# Task to carry out
The response should consist of every record, reproduced exactly.
Given records: Begin
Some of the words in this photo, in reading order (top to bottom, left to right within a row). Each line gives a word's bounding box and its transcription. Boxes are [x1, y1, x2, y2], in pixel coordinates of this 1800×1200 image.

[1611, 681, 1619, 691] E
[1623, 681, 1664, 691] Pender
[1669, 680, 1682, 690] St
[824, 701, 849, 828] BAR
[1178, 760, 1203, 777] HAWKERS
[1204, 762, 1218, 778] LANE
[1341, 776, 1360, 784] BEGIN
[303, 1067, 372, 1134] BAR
Given records: End
# Answer to the problem
Some of the words in this photo, in reading order (top to bottom, left to right within a row). Each line gives a word's bounding box and its transcription. Boxes are [x1, y1, x2, y2], in pixel coordinates of this 1800×1200 image.

[1611, 681, 1619, 691] E
[1623, 681, 1664, 691] Pender
[1669, 680, 1682, 690] St
[824, 701, 849, 828] BAR
[1178, 760, 1203, 777] HAWKERS
[1204, 762, 1218, 778] LANE
[1341, 776, 1360, 784] BEGIN
[303, 1067, 372, 1134] BAR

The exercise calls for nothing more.